Given that long delay and the non-stop tear of the smaller road, it was obvious that some maintenance and signalization were necessary. Yet nothing happened, again. In a report in 2022 - 3 years ago, the Road Agency said "the situation is medium to worse". Since roads don't magically repair over time It has naturally deteriorated further. Nobody bothered to do even minor works. There weren't enough measures taken to reduce speed, maintain control or anything else to at least try and save lives. The police says it notified the Road Agency of the problem. Everyone collectively shrugs shoulders.
There is a state Agency of Road Safety, but it is powerless to sanction either the Road Agency, or the police. All these institutions effectively act and behave more like think tanks, not like responsible actors in a high-stakes field.
This is not by malfunction, but by design. Hapless institutions enable corruption and embezzlement. The primary role of the Road Agency isn't to maintain roads - it's to supply an endless cash flow to politically connected companies, who pass it on to their overlords. A salient fact to support that statement: 9 out of 27 local divisions of the Agency don't have a single engineer in their crew. Let that sink in - the divisions supposedly overseeing the road infrastructure don't have people qualified enough to do it. Why? Because that is not what they are expected to do.
As for the police, its primary role seems to be not to catch wrongdoers and maintain general safety, but to cover up evidence. Witness last week's huge scandal with a leaked chat between members of a division battling organized crime. They notice strange behavior and follow a van to a storehouse where they witness a contraband operation and the unloading of a huge number of cigarettes. They notify their command and want to go in and bust the operation. Their command does everything they can to stop them and, finally, someone obviously notifies the contrabandists as they try to get away.

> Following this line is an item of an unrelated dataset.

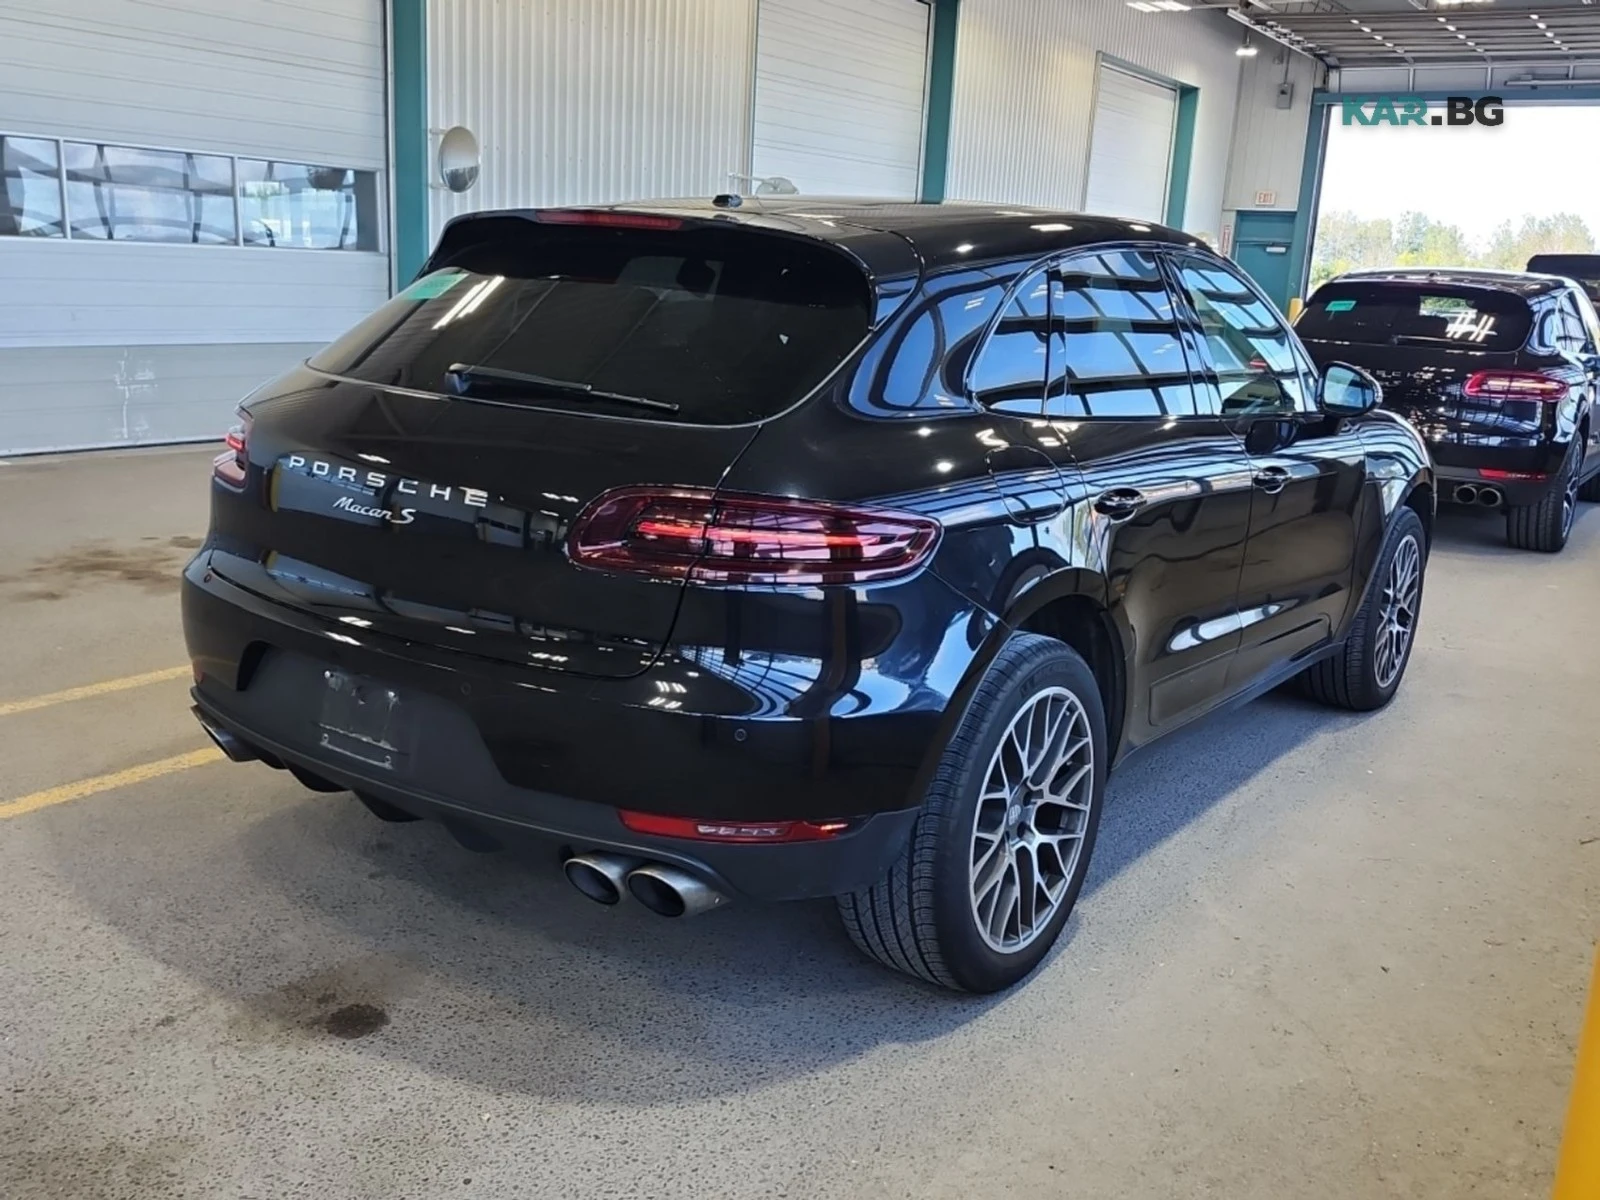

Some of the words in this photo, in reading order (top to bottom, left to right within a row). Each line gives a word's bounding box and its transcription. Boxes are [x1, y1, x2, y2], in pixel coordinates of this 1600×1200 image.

And don't even get me started on that black hole - the prosecution. So the courts and the verdicts on the actual wrong-doers on the road are a small part of a large problem. Yet it is a start. After all, in Serbia protests for a faulty railway station led to a million people on the streets of Belgrade. You just never know.
Politics this week:
Sofia Municipality plans social housingIn a first sign that the capital is actually getting pricier and the property market is off balance, Sofia Municipality will attempt to construct housing for those in need - something that has been stalled for decades. "Sofia Municipality can be an active investor in the property market, to build its own buildings and rent out the municipal housing in them. This may sound like space technology against the background of the reality we inhabit. But since municipalities such as Skopje, Belgrade and Bucharest can have an active housing policy, I cannot imagine that Sofia Municipality does not have such capacity," Save Sofia leader Boris Bonev said this week.

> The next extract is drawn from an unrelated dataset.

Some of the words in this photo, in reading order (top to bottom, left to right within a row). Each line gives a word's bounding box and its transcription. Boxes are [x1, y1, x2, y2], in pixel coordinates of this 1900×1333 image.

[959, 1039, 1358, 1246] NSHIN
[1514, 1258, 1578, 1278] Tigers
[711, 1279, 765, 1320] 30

The draft project's aim is to provide affordable housing for socially vulnerable groups that have a real need for accommodation. This means that municipal housing is seen as an element of the social policy and not so much of its economic policy, although it is generally acknowledged that it also has the potential to generate revenue to fill holes in the budget.
How many?
Hard to tell - there is not even an estimate of how many people need social housing in Sofia. And after the last ranking for municipal housing at the end of March, there are hundreds of people waiting. It is estimated that those in need are in the tens of thousands - many don't even try to apply.

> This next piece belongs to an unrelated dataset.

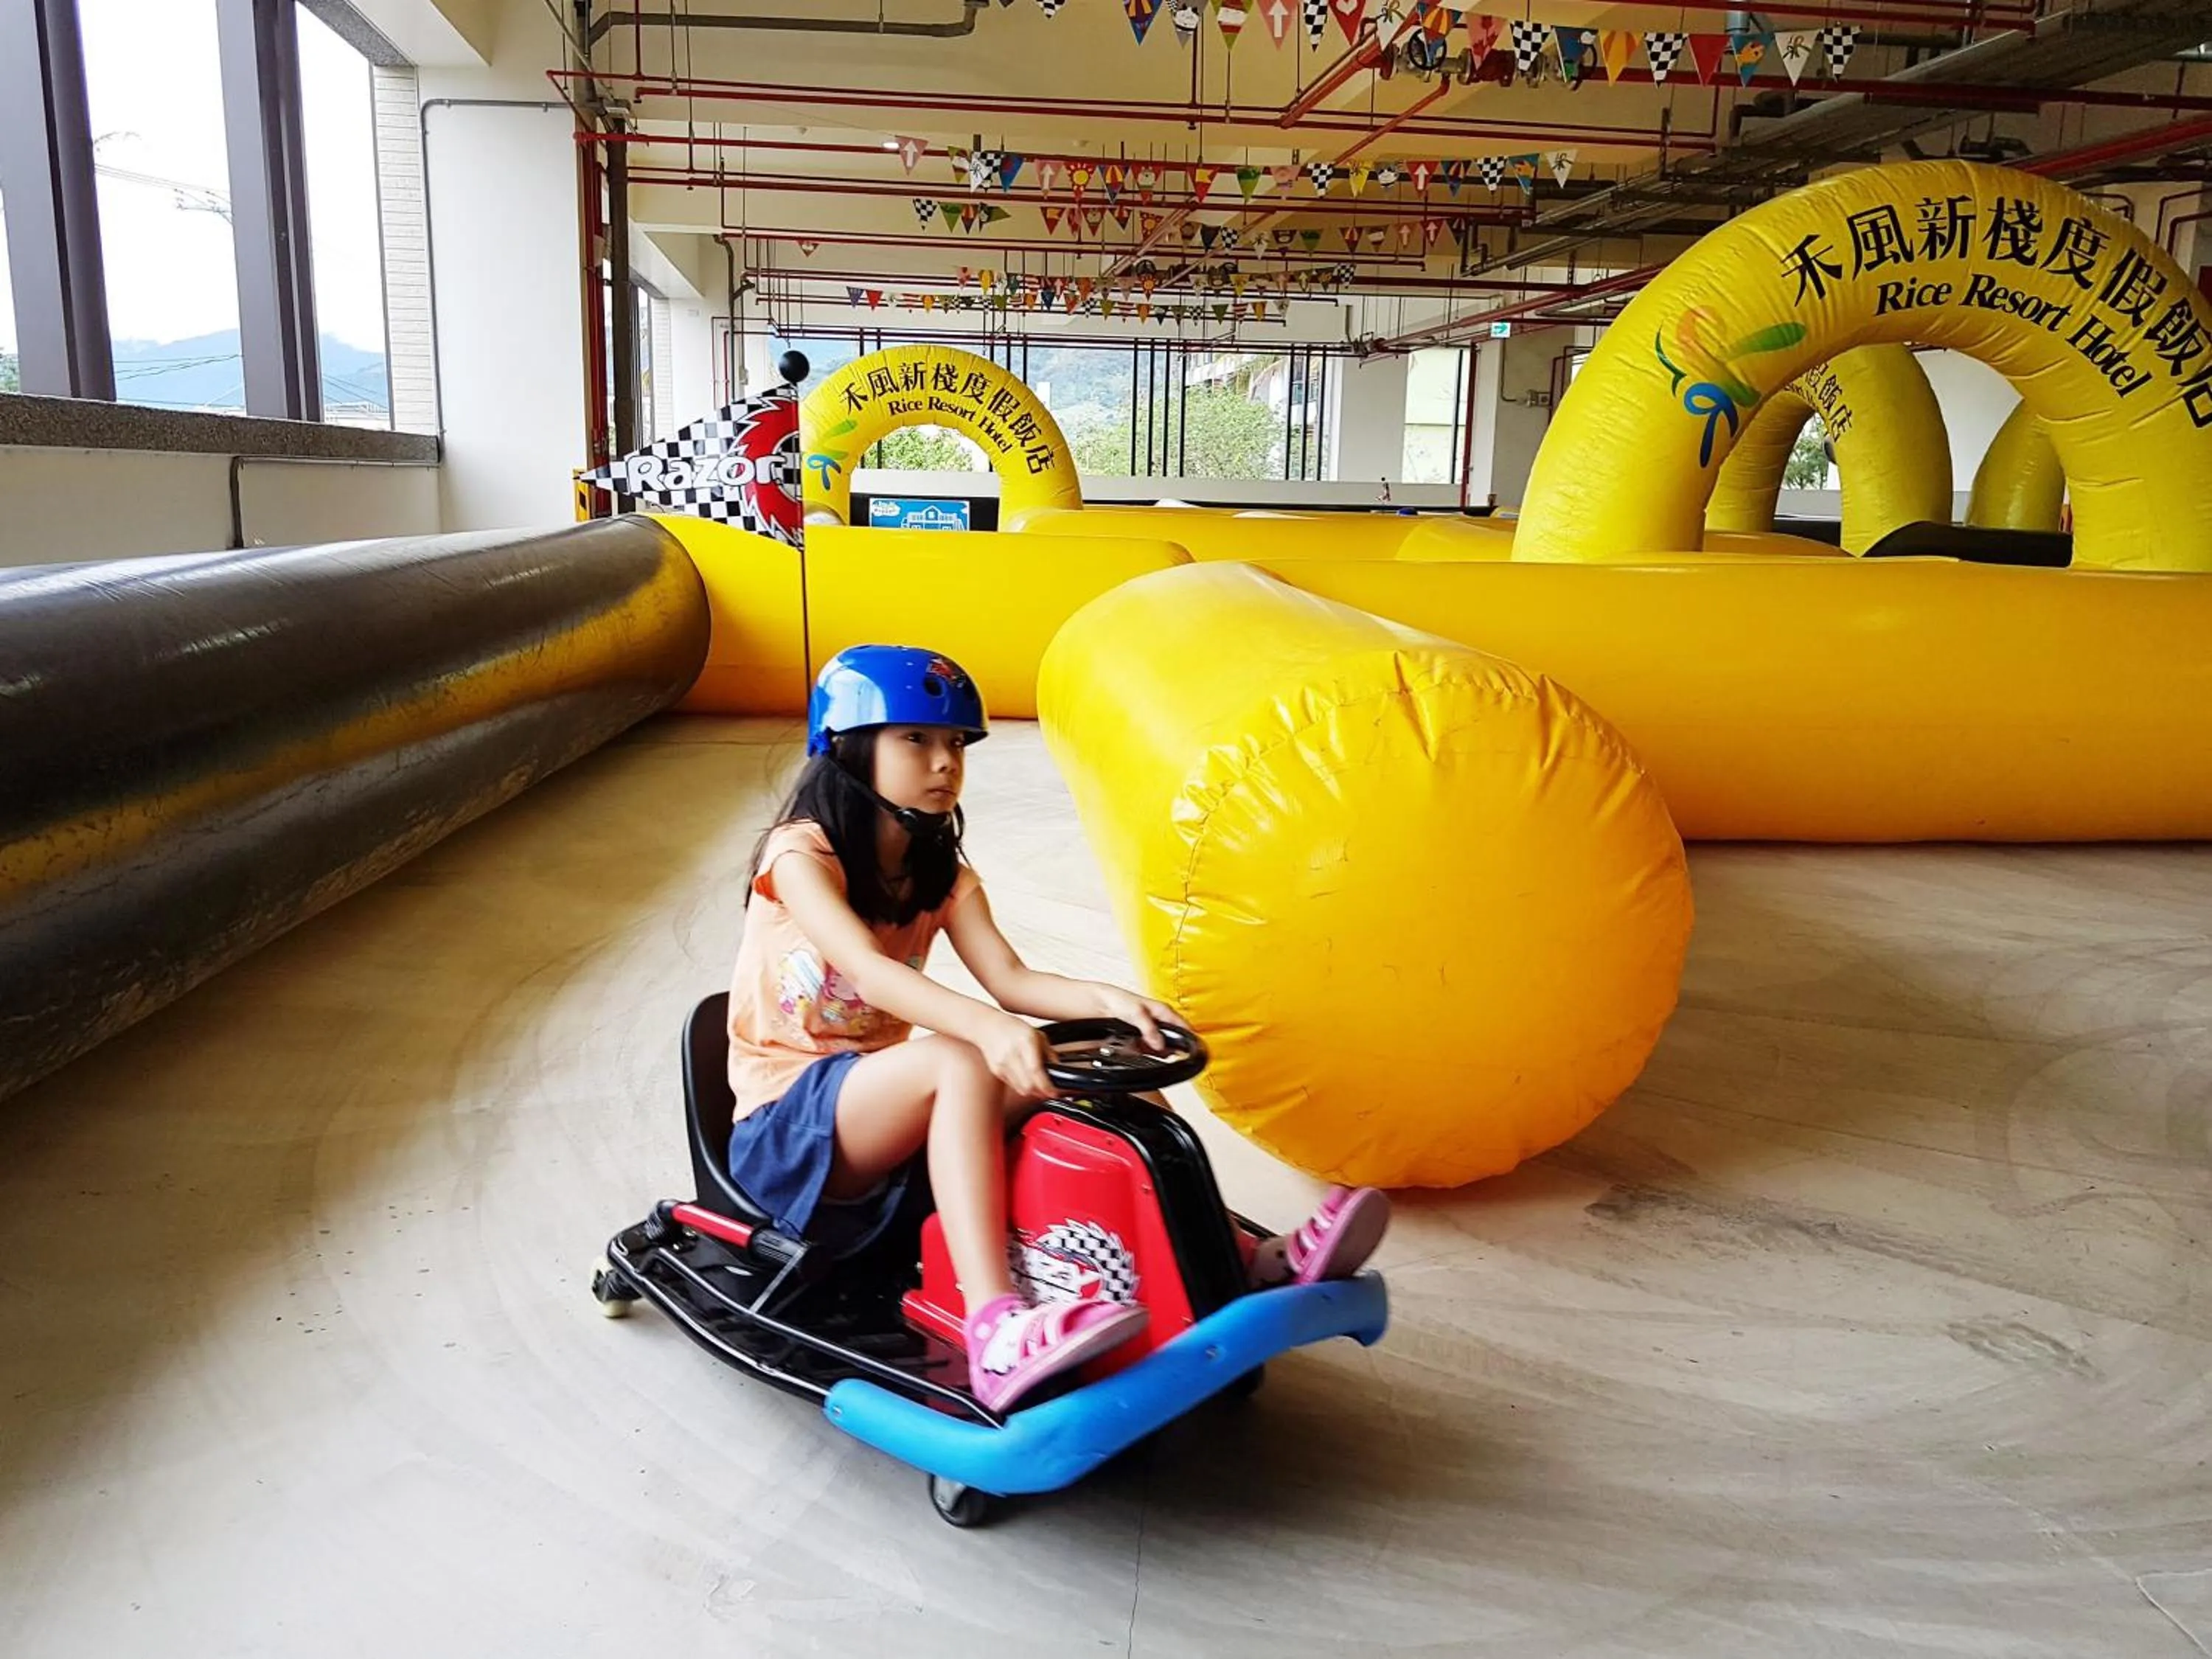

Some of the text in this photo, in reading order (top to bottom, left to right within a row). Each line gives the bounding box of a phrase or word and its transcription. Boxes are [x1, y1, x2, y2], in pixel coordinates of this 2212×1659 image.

Peevski's liberals turn conservative
Delyan Peevski's MRF-New Beginning - which was kicked out of the liberal ALDE alliance earlier last year (when they realized with three years' delay that it is being captured by an oligarch sanctioned for corruption) - has been welcomed by the conservative and nationalists alliance in the Parliamentary Assembly of the Council of Europe (PACE). It will sit next to other famous liberals like Hungary's Fidesz of Victor Orban, who also switched ideologies, albeit a few decades earlier than Peevski.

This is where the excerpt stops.